Erosheva and Lee found that Black researchers receive worse scores on all five criteria—even after controlling for key application and applicant characteristics, such as career stage and area of science—and that these differences entirely account for black-white disparities in overall impact scores. How reviewers weigh the criterion scores appears to not be a factor in explaining black-white disparities in preliminary overall impact scores.

This finding is particularly notable because some people have assumed that use of the five criteria, introduced by the NIH in 2009 to add transparency to the process, would help reduce racial disparities and racial bias in funding decisions.

Like researchers before them, Erosheva and Lee identified substantial racial disparity under the R01 review system.

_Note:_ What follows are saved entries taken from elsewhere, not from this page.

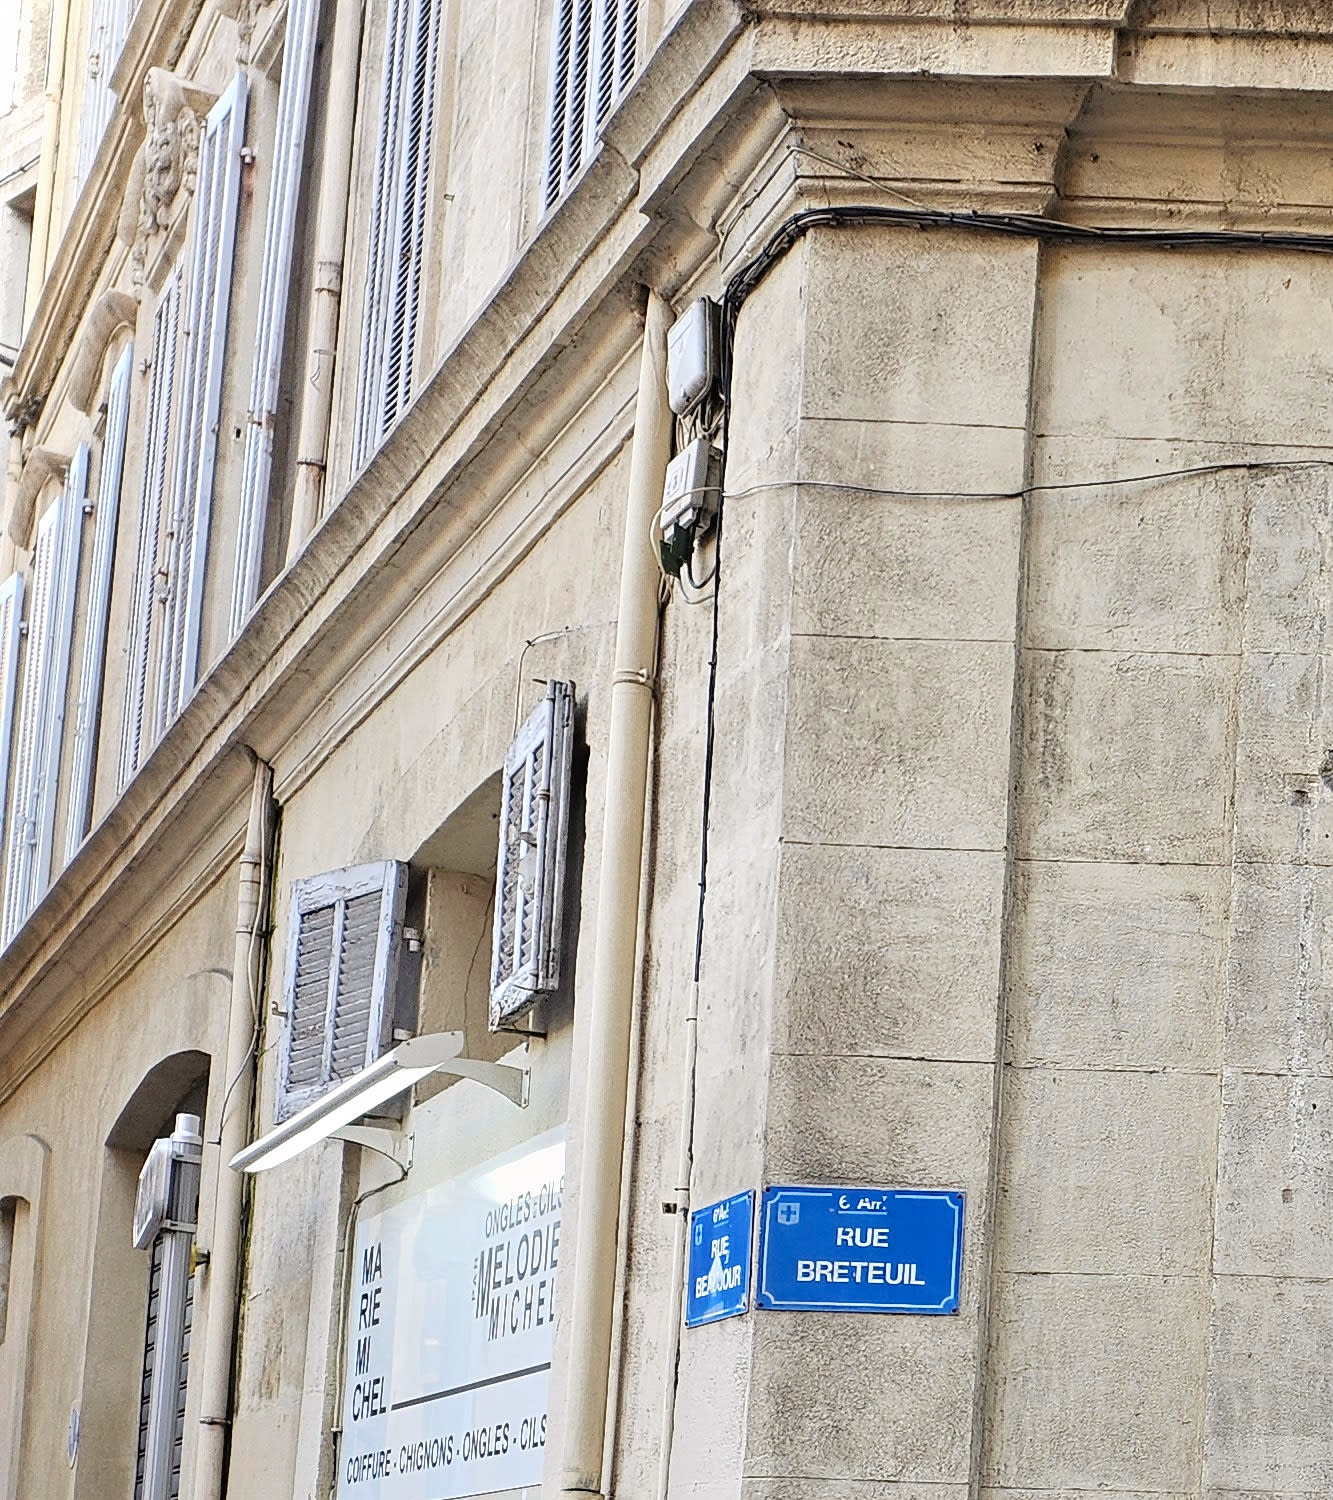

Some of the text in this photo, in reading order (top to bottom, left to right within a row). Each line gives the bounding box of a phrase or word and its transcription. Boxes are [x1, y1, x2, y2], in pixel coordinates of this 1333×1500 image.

[485, 1191, 532, 1239] ONGLES
[711, 1235, 729, 1259] RUE
[836, 1227, 889, 1248] RUE
[362, 1242, 382, 1286] MA
[476, 1220, 561, 1319] MELODIE
[796, 1260, 926, 1286] BRETEUIL
[359, 1287, 382, 1331] RIE
[488, 1277, 555, 1342] MICHEL
[355, 1336, 371, 1377] MI
[352, 1376, 387, 1422] CHEL
[346, 1448, 391, 1485] COIFFURE
[400, 1435, 453, 1474] CHIGNONS
[463, 1419, 510, 1463] ONGLES
[520, 1413, 548, 1451] CILS
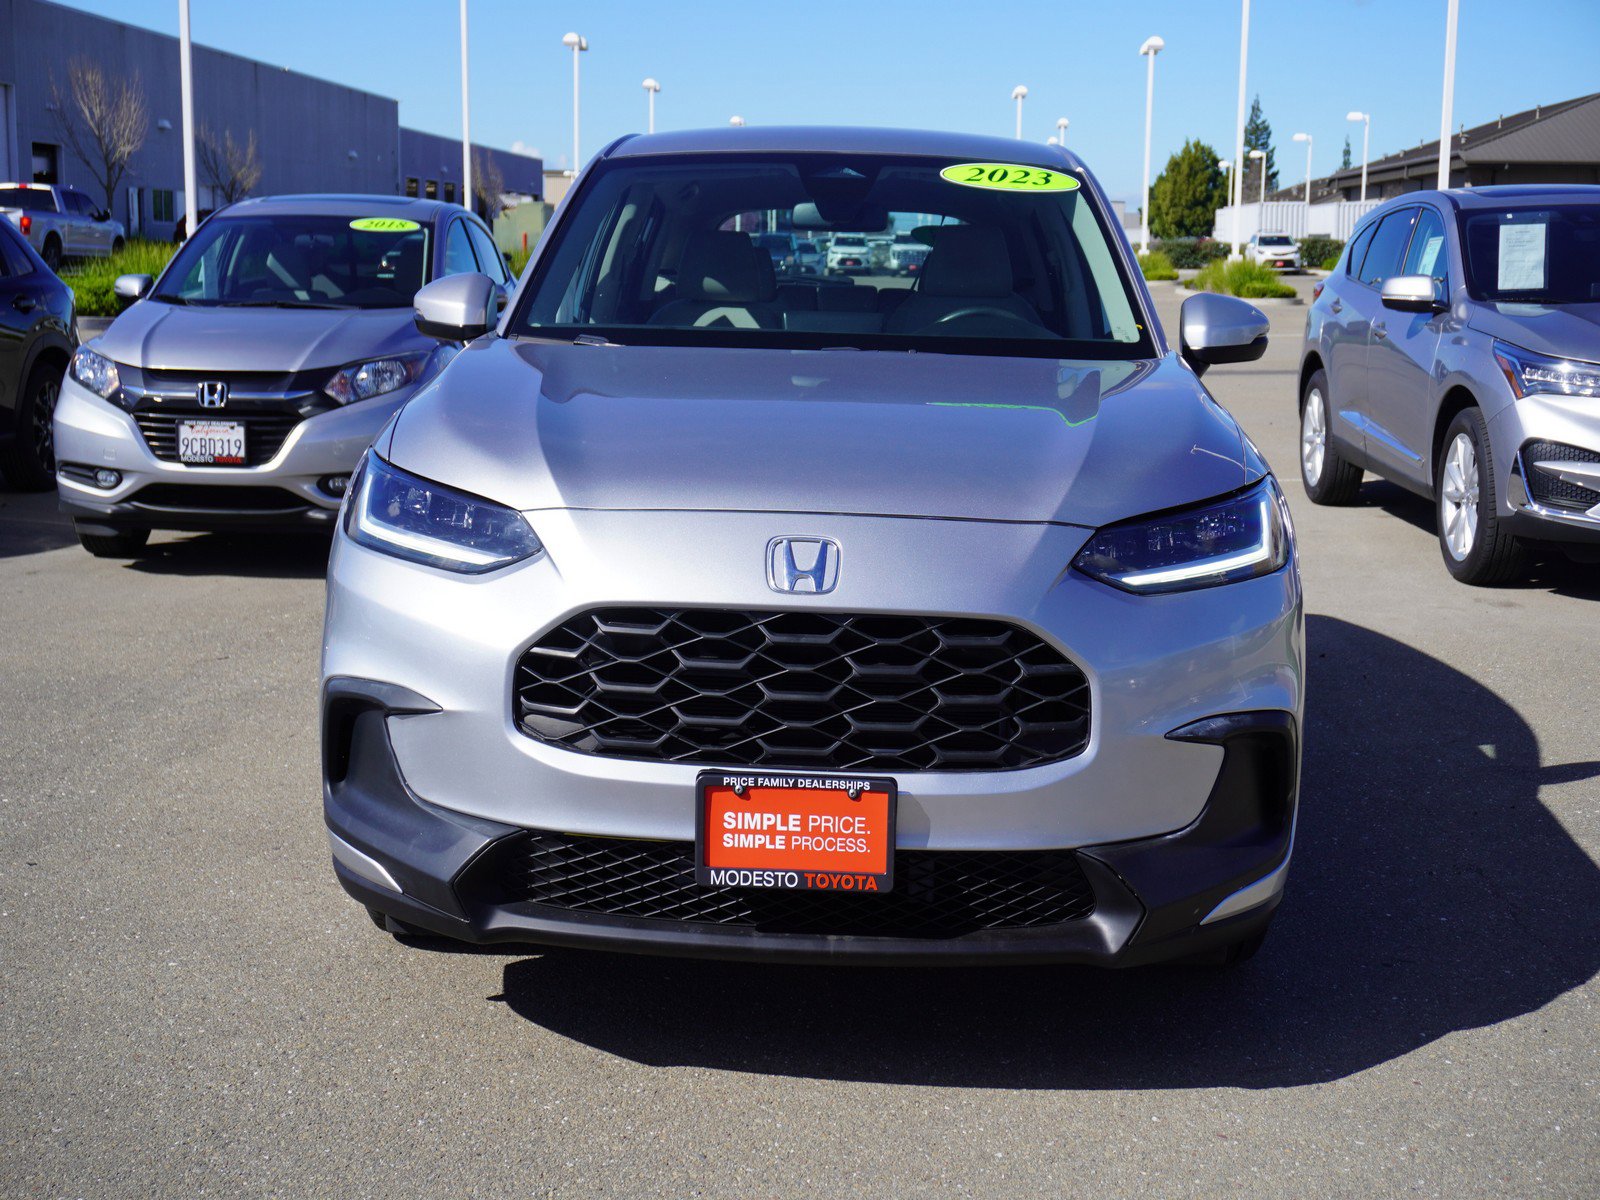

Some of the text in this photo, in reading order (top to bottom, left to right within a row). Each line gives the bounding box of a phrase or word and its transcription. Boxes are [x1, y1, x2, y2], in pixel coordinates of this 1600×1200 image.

[963, 167, 1052, 185] 2023
[182, 437, 242, 458] 9CBD319
[181, 454, 243, 464] MODESTO TOYOTA
[723, 777, 871, 790] PRICE FAMILY DEALERSHIPS
[723, 811, 871, 835] SIMPLE PRICE.
[722, 833, 871, 853] SIMPLE PROCESS.
[710, 869, 878, 891] MODESTO TOYOTA

They found that from 2014 to 2016, the overall award rate for black researchers was 55% of that for white researchers—10.2% compared to 18.5%. 

“The next step for understanding black-white disparities in NIH peer review is to understand why Black principal investigators are perceived as not excelling along these specific dimensions of evaluation,” says Erosheva.

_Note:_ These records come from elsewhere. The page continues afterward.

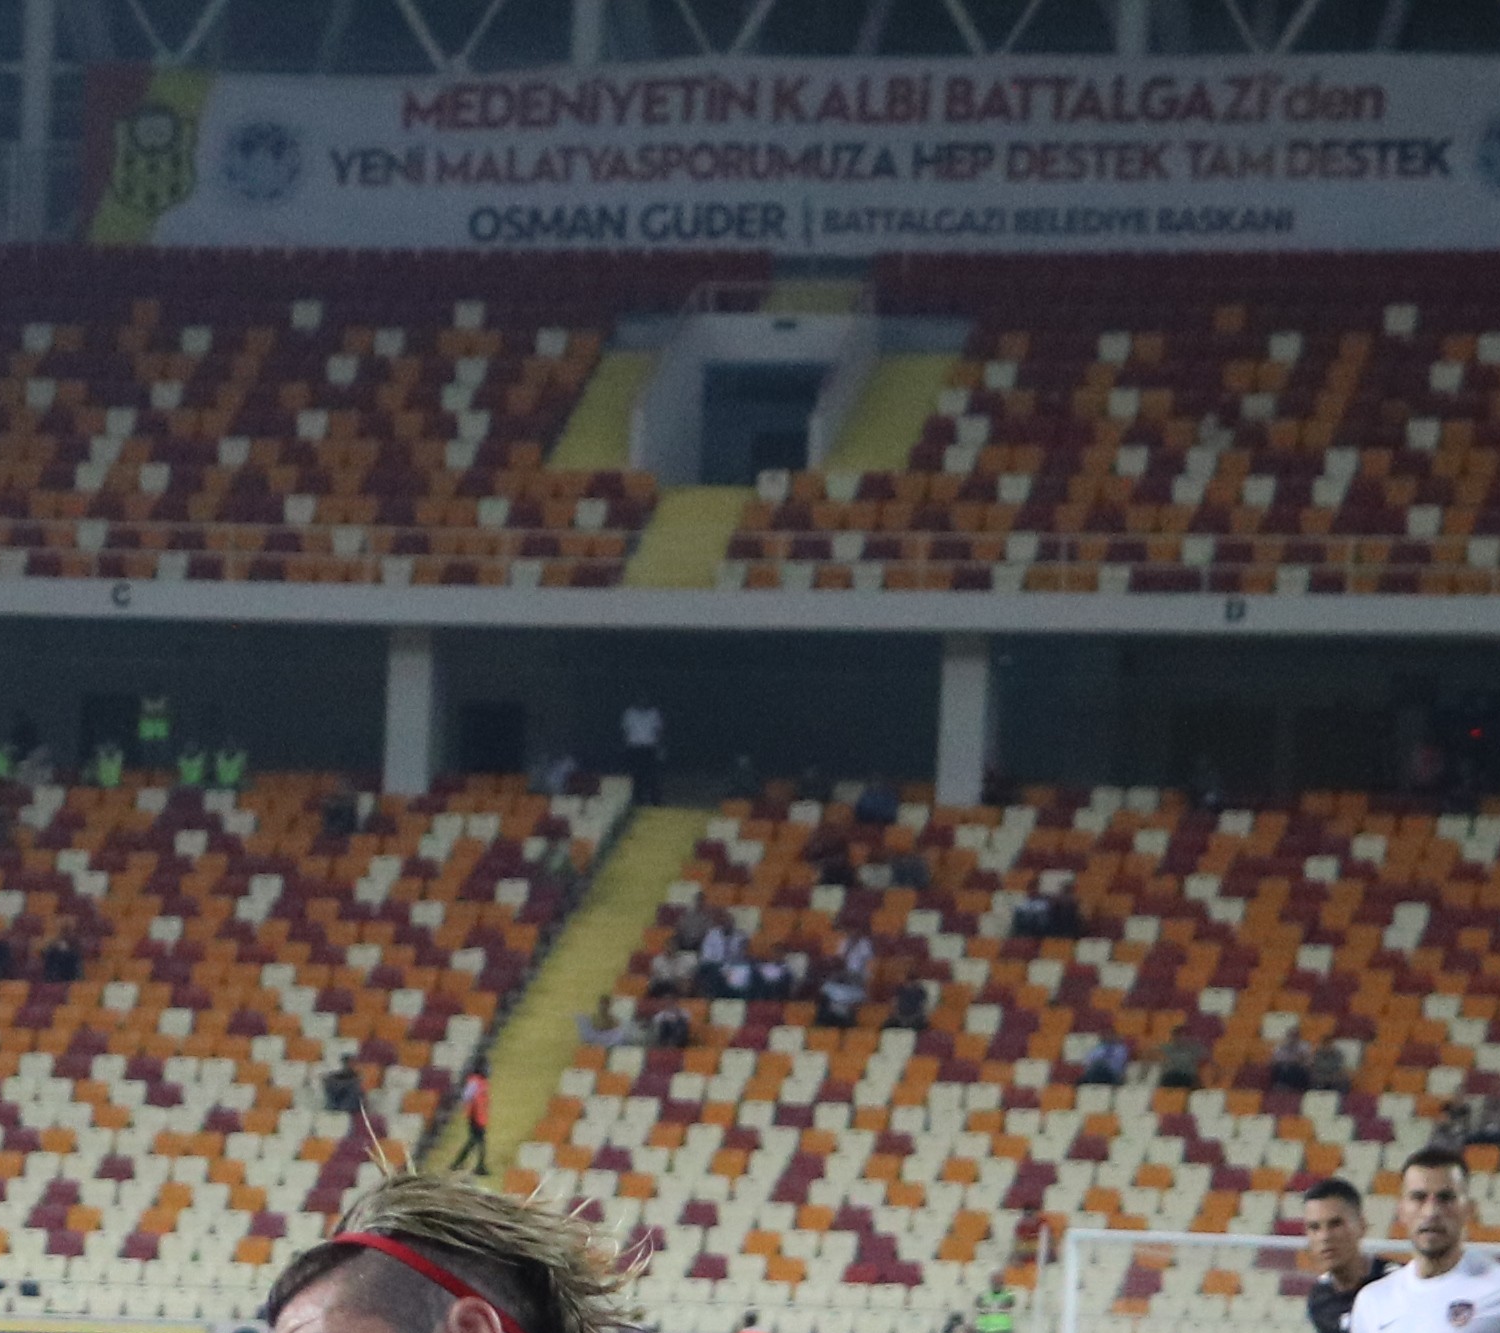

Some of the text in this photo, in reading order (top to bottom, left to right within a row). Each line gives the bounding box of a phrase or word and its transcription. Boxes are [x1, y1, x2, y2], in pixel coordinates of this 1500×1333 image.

[912, 142, 995, 181] HEP
[1006, 140, 1166, 182] DESTEK
[1189, 141, 1277, 180] TAM
[1290, 138, 1453, 180] DESTEK
[468, 204, 628, 244] OSMAN

Erosheva and Lee note that their study examines associations in existing data and does not draw causal conclusions, but they suggest some potential factors worthy of further investigation, including implicit racial preferences, choice of research topic, differences in mentorship and coauthor networks, emphasis on bibliometrics (such as citation counts), and the cumulative effect of disparities over a researcher’s career. 

The study’s findings may be particularly valuable to those who study and work to promote diversity in STEM fields.

“This is an exceptional and timely research study that addresses a major scientific problem,” says David Takeuchi, associate dean for faculty excellence at the UW School of Social Work. “The result is a rigorous set of analyses that provide compelling insights about the problem and what more research is needed to correct this inequality.”